Free-text object descriptions:
------------

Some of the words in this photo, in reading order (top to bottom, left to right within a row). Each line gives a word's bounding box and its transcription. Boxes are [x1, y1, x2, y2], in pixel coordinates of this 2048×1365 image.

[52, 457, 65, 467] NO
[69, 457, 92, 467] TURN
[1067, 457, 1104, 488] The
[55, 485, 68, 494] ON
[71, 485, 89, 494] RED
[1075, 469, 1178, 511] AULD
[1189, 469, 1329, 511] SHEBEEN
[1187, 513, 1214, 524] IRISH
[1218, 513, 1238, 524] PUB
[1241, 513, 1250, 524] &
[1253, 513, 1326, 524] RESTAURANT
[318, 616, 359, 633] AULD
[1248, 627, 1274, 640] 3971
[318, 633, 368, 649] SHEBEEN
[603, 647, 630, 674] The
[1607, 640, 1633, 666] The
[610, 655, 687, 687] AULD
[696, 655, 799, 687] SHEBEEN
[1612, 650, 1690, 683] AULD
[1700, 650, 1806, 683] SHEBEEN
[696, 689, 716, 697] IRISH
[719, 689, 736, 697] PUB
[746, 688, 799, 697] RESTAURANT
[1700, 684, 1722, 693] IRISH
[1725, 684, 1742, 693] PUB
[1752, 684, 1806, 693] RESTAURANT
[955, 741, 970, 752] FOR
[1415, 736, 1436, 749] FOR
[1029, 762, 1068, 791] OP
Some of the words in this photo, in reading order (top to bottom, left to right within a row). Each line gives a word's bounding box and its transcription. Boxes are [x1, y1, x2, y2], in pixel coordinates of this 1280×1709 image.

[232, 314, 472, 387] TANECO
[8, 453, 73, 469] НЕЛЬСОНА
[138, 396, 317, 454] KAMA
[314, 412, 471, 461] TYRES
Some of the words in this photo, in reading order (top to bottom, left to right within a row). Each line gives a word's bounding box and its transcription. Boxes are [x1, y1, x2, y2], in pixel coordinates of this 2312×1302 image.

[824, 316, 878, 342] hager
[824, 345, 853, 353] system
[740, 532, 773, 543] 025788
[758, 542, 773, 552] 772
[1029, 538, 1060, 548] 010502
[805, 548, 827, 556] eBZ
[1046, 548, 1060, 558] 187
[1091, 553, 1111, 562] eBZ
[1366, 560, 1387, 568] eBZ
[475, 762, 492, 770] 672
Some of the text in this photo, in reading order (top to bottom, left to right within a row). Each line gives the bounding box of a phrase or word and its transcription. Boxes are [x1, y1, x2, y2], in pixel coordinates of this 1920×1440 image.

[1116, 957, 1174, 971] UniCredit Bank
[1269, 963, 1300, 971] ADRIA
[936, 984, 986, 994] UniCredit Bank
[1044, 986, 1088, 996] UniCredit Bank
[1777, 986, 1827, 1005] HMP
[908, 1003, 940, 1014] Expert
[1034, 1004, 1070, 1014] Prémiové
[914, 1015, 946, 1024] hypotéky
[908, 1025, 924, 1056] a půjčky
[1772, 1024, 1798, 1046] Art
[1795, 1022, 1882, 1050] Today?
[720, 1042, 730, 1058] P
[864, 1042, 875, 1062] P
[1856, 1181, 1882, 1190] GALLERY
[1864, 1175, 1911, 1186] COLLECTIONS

------------

#### What to do
Repeat each entry exactly.

#### Answer area
Some of the words in this photo, in reading order (top to bottom, left to right within a row). Each line gives a word's bounding box and its transcription. Boxes are [x1, y1, x2, y2], in pixel coordinates of this 2048×1365 image.

[52, 457, 65, 467] NO
[69, 457, 92, 467] TURN
[1067, 457, 1104, 488] The
[55, 485, 68, 494] ON
[71, 485, 89, 494] RED
[1075, 469, 1178, 511] AULD
[1189, 469, 1329, 511] SHEBEEN
[1187, 513, 1214, 524] IRISH
[1218, 513, 1238, 524] PUB
[1241, 513, 1250, 524] &
[1253, 513, 1326, 524] RESTAURANT
[318, 616, 359, 633] AULD
[1248, 627, 1274, 640] 3971
[318, 633, 368, 649] SHEBEEN
[603, 647, 630, 674] The
[1607, 640, 1633, 666] The
[610, 655, 687, 687] AULD
[696, 655, 799, 687] SHEBEEN
[1612, 650, 1690, 683] AULD
[1700, 650, 1806, 683] SHEBEEN
[696, 689, 716, 697] IRISH
[719, 689, 736, 697] PUB
[746, 688, 799, 697] RESTAURANT
[1700, 684, 1722, 693] IRISH
[1725, 684, 1742, 693] PUB
[1752, 684, 1806, 693] RESTAURANT
[955, 741, 970, 752] FOR
[1415, 736, 1436, 749] FOR
[1029, 762, 1068, 791] OP
Some of the words in this photo, in reading order (top to bottom, left to right within a row). Each line gives a word's bounding box and its transcription. Boxes are [x1, y1, x2, y2], in pixel coordinates of this 1280×1709 image.

[232, 314, 472, 387] TANECO
[8, 453, 73, 469] НЕЛЬСОНА
[138, 396, 317, 454] KAMA
[314, 412, 471, 461] TYRES
Some of the words in this photo, in reading order (top to bottom, left to right within a row). Each line gives a word's bounding box and its transcription. Boxes are [x1, y1, x2, y2], in pixel coordinates of this 2312×1302 image.

[824, 316, 878, 342] hager
[824, 345, 853, 353] system
[740, 532, 773, 543] 025788
[758, 542, 773, 552] 772
[1029, 538, 1060, 548] 010502
[805, 548, 827, 556] eBZ
[1046, 548, 1060, 558] 187
[1091, 553, 1111, 562] eBZ
[1366, 560, 1387, 568] eBZ
[475, 762, 492, 770] 672
Some of the text in this photo, in reading order (top to bottom, left to right within a row). Each line gives the bounding box of a phrase or word and its transcription. Boxes are [x1, y1, x2, y2], in pixel coordinates of this 1920×1440 image.

[1116, 957, 1174, 971] UniCredit Bank
[1269, 963, 1300, 971] ADRIA
[936, 984, 986, 994] UniCredit Bank
[1044, 986, 1088, 996] UniCredit Bank
[1777, 986, 1827, 1005] HMP
[908, 1003, 940, 1014] Expert
[1034, 1004, 1070, 1014] Prémiové
[914, 1015, 946, 1024] hypotéky
[908, 1025, 924, 1056] a půjčky
[1772, 1024, 1798, 1046] Art
[1795, 1022, 1882, 1050] Today?
[720, 1042, 730, 1058] P
[864, 1042, 875, 1062] P
[1856, 1181, 1882, 1190] GALLERY
[1864, 1175, 1911, 1186] COLLECTIONS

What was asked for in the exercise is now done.